Au fond, ce qui est remarquable avec Wish You Were Here, c’est qu’il parvient à ne pas se limiter à ce morceau légendaire. Si, de prime abord, on peut facilement penser que le reste est plus faible, l’écoute répétée finit par faire comprendre qu’il n’en est rien, tant l’album porte en lui de nombreuses dualités qui en font son intérêt profond. J’ai évoqué l’essence artisanale de "Shine on" ; ce qui suit la première partie sent au contraire le cambouis, l’industrie. Là aussi, le travail de Rick Wright est essentiel pour cette mise en odeur tant c’est bien le son de ses claviers qui détermine les deux morceaux suivants. Bizarrement, ce que j’ai beaucoup de mal à supporter dans les années 80 passe nettement mieux ici.

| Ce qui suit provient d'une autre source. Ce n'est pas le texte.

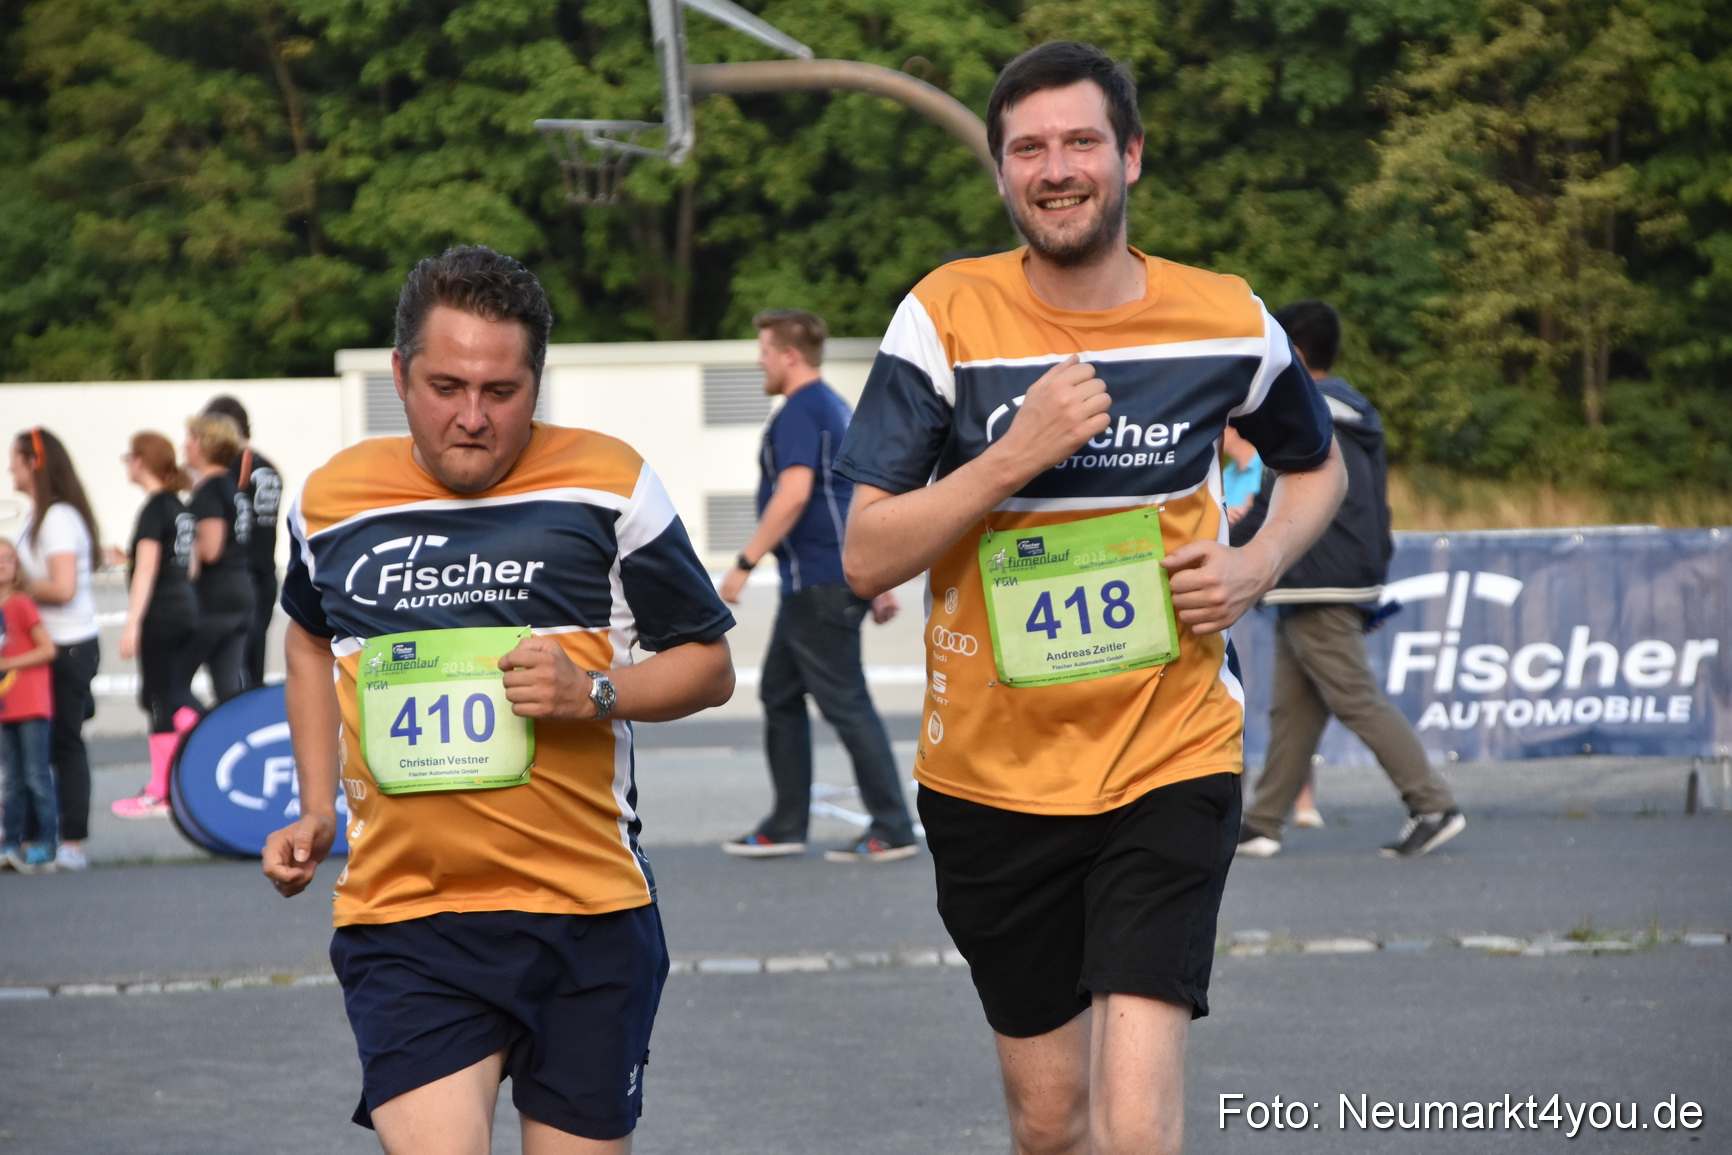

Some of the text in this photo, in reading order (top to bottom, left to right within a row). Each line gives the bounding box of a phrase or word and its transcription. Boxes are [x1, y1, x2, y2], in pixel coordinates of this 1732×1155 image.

[1088, 415, 1190, 449] cher
[1054, 450, 1176, 469] UTOMOBILE
[1008, 548, 1071, 568] firmenlauf
[1073, 550, 1107, 566] 2015
[377, 552, 545, 595] Fischer
[393, 587, 530, 612] AUTOMOBILE
[1025, 579, 1136, 640] 418
[1046, 641, 1127, 662] Andreas Zeitler
[1052, 662, 1073, 671] Fischer
[1074, 658, 1106, 668] Automobile
[1106, 653, 1124, 663] GmbH
[1386, 624, 1719, 695] Fischer
[381, 655, 440, 672] firmenlauf
[389, 692, 496, 747] 410
[1417, 695, 1693, 731] AUTOMOBILE
[399, 754, 490, 769] Christian Vestner
[428, 769, 460, 777] Automobile

Je pense que c’est tout simplement parce que c’est lui : l’un des tous meilleurs claviéristes de la planète rock, des kilomètres musicalement devant ceux qui viendront pourrir la décennie suivante. A noter cependant que le fond de "Welcome to the Machine" n’est pas de sa main mais de celle de Waters, qui s’éclate lui aussi à bidouiller les synthés pour en tirer les ambiances oppressantes collant si bien au morceau, ainsi qu’à ce qu’il véhicule. Wish You Were Here est d’ailleurs un album qui regorge d’effets, souvent bien camouflés mais parfois clairement mis en avant, comme c’est le cas ici. Tant que j’en suis à parler de ce titre, évoquons rapidement la guitare de Gilmour sur ce morceau, où elle est la moins importante, pour dire que j’ai rarement entendu accords de guitare sèche aussi saignants.

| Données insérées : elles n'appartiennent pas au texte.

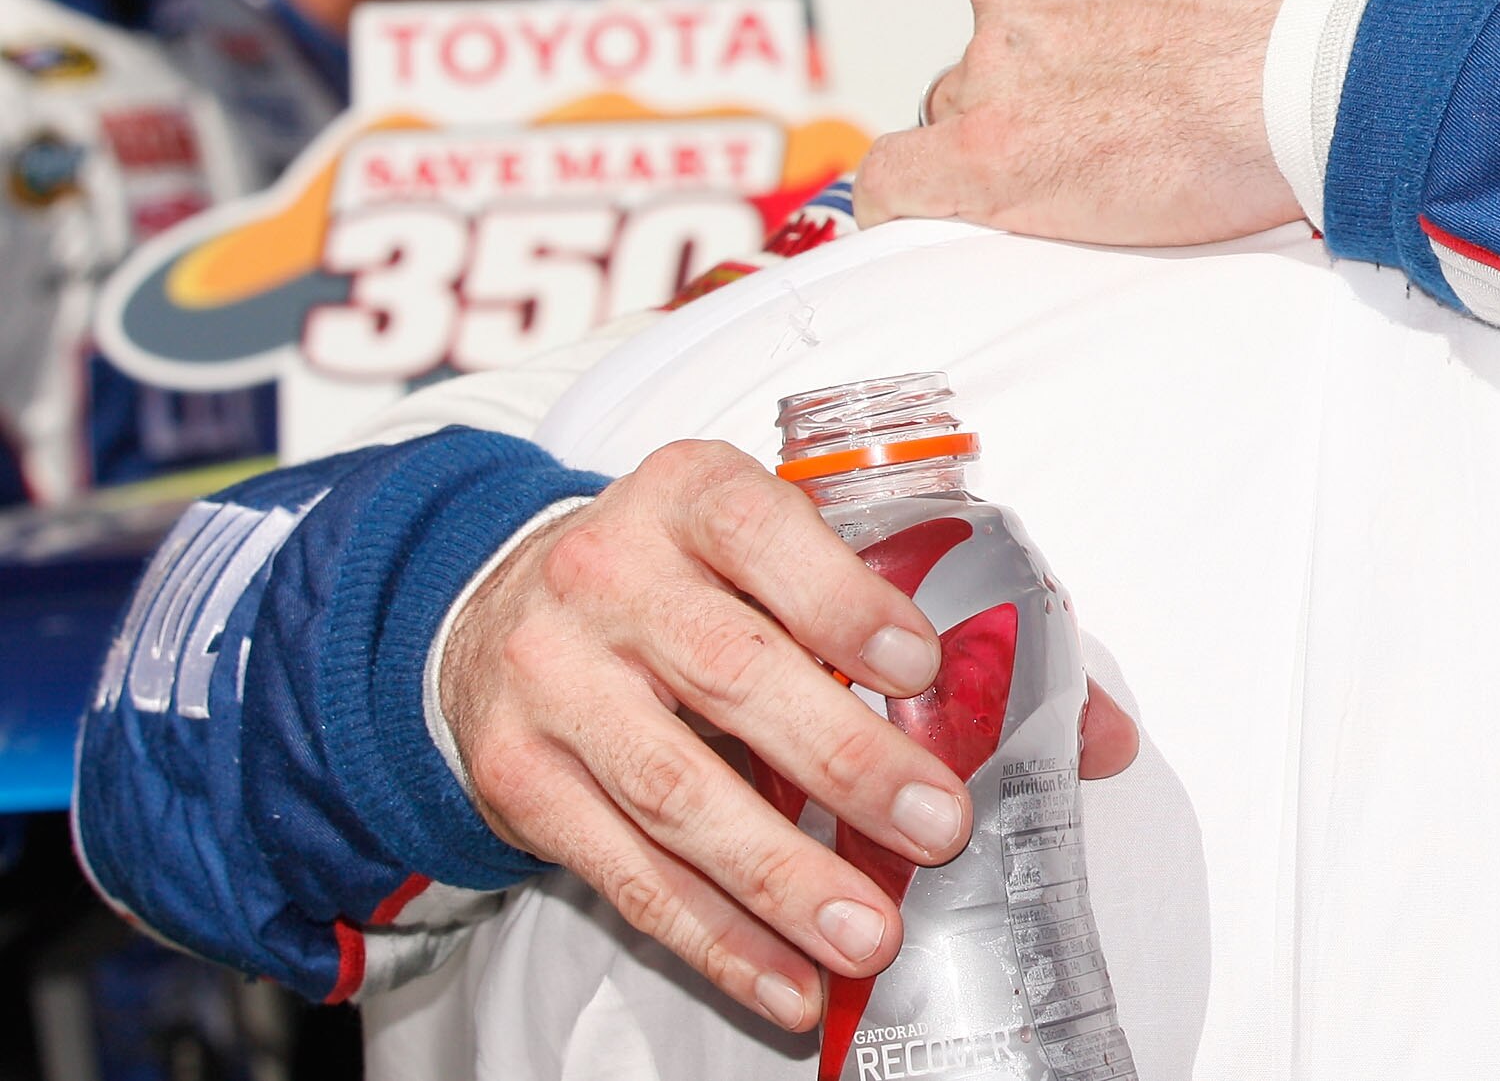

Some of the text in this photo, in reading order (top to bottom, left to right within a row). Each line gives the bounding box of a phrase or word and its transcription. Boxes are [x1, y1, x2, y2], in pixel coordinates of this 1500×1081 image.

[382, 11, 782, 85] TOYOTA
[363, 136, 755, 191] SAVE MART
[1002, 763, 1014, 776] NO
[1002, 776, 1056, 799] Nutrition
[1007, 870, 1042, 887] Calories
[853, 1021, 931, 1046] GATORAD
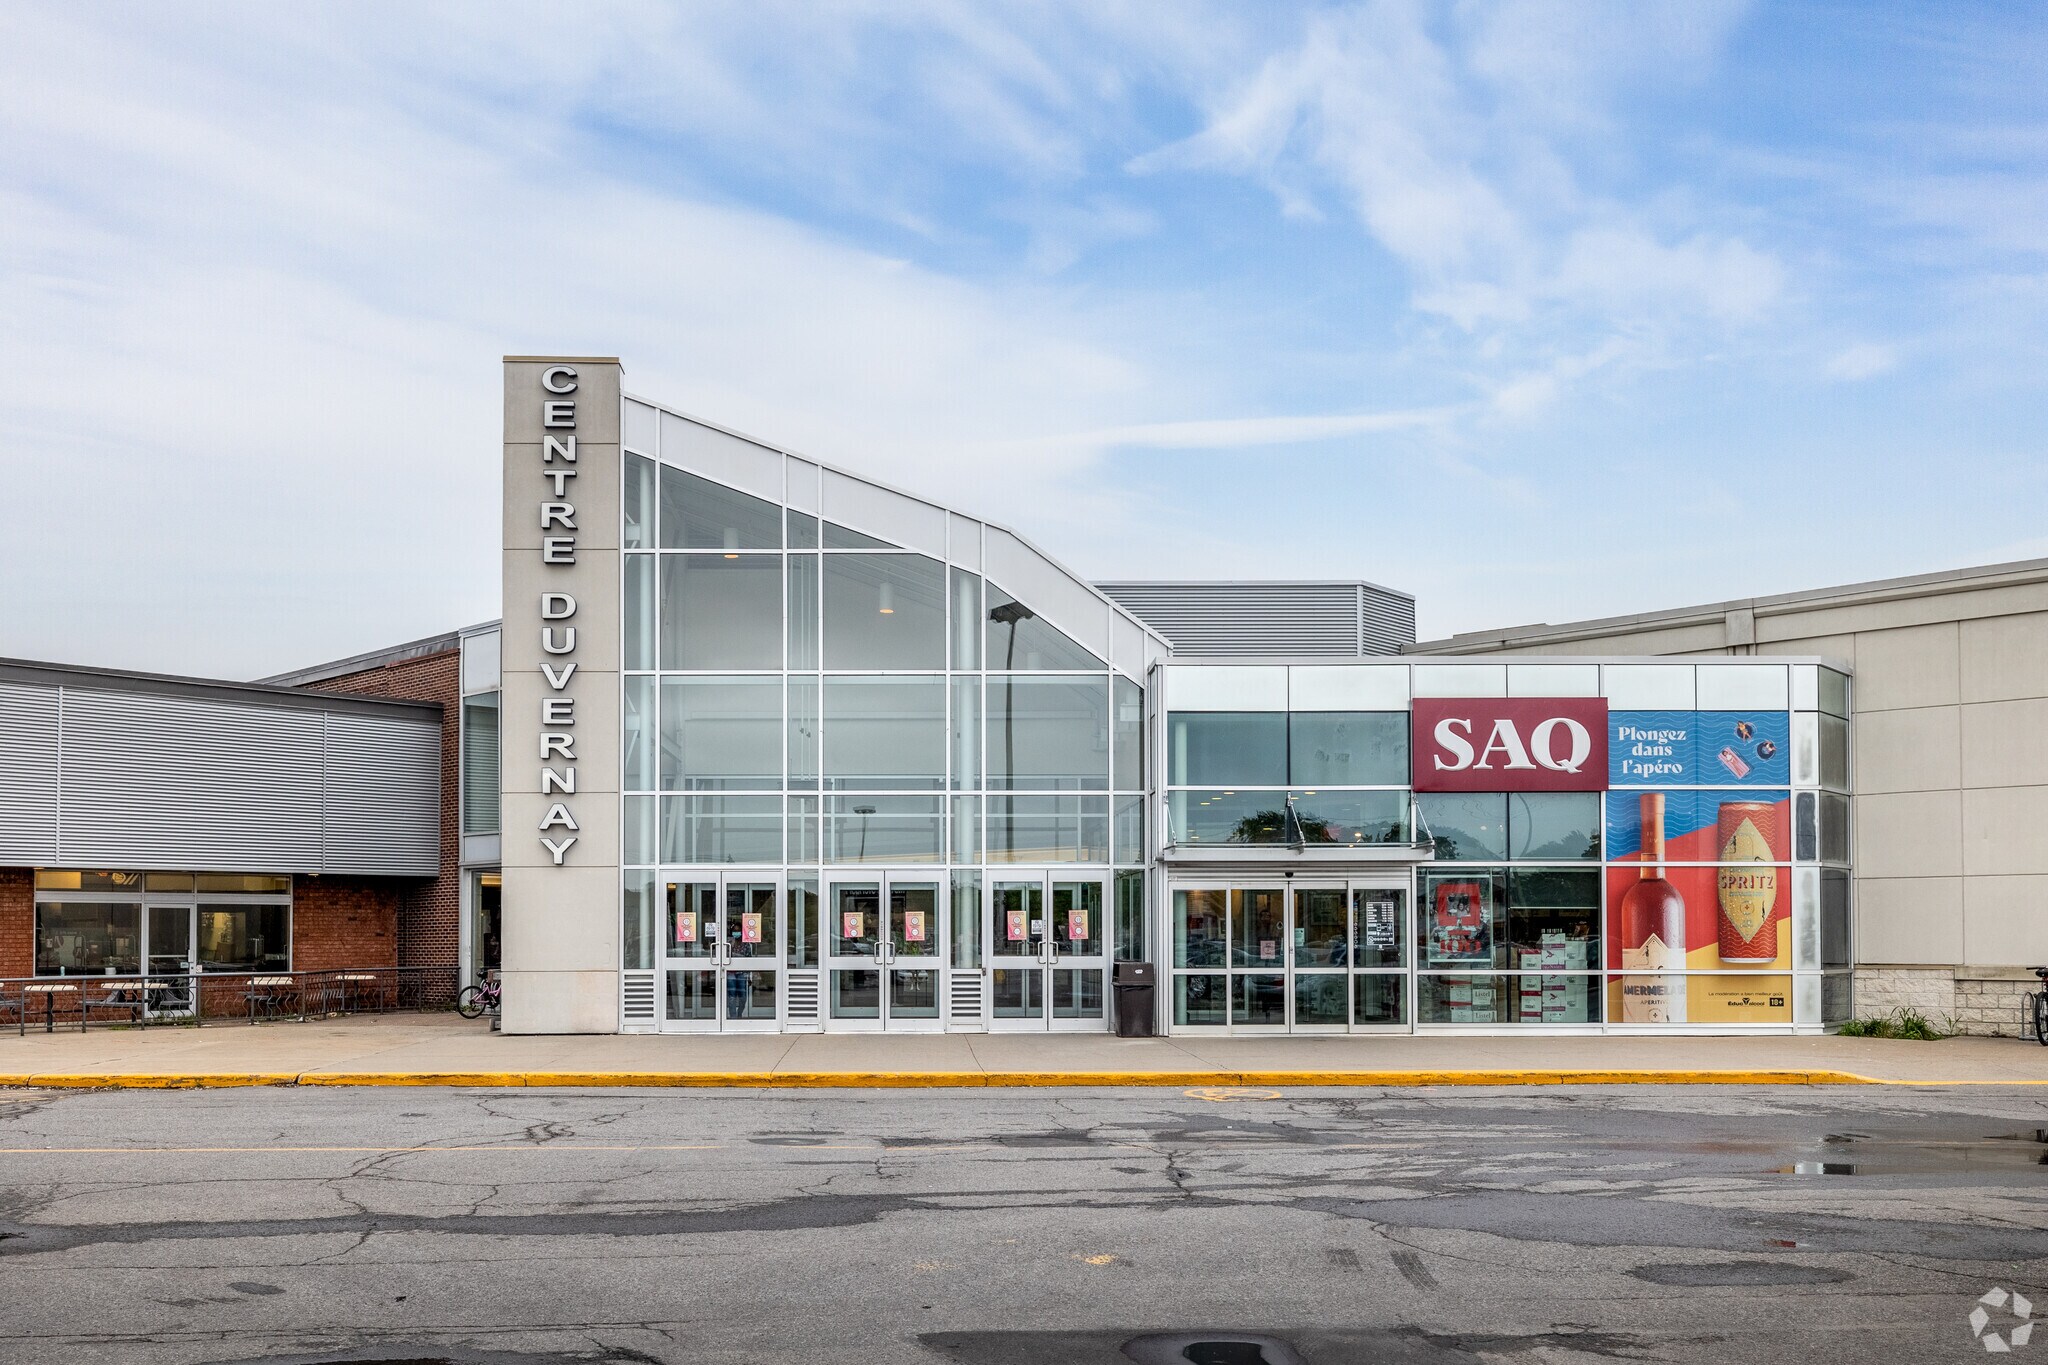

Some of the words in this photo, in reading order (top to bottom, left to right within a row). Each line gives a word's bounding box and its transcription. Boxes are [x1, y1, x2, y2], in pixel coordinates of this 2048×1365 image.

[540, 366, 578, 566] CENTRE
[538, 592, 579, 866] DUVERNAY
[1618, 726, 1687, 745] Plongez
[1433, 717, 1591, 774] SAQ
[1631, 742, 1673, 756] dans
[1622, 759, 1683, 778] l'apéro
[1719, 874, 1774, 890] SPRITZ
[1770, 998, 1783, 1006] 18+

La partie industrielle se poursuit tout naturellement avec le titre suivant, "Have a Cigar". Ce fut le titre radiodiffusé, ce qui peut paraître étonnant de nos jours puisqu’il est tout de même relativement oublié si on le compare au reste des morceaux. C’est le plus rugueux de l’album, le lien évident entre Dark Side (pour le jeu de claviers de Wright, du même ordre que sur "Money") et Animals (pour celui de Gilmour, qui préfigure ce qu’on entendra sur "Dogs" et surtout sur "Pigs"). Difficile à attraper, pas aussi abouti que le reste mais justement intéressant pour ça, pour son côté instable parfaitement symbolisé par le fait que ni Waters ni Gilmour n’ont réussi à le chanter, laissant cela à un mec nommé Roy Harper qui enregistrait dans le studio d’à côté mais passait surtout son temps à squatter celui des Floyd. Si Roger a depuis exprimé son regret de ne pas avoir persévéré à la chanter lui-même, je trouve cependant que cela colle parfaitement aux paroles (dans lesquelles une sorte de producteur parle aux membres du groupe) ainsi qu’à l’idée générale de l’album, à savoir l’absence (puisque les chanteurs du groupe sont littéralement absents ici).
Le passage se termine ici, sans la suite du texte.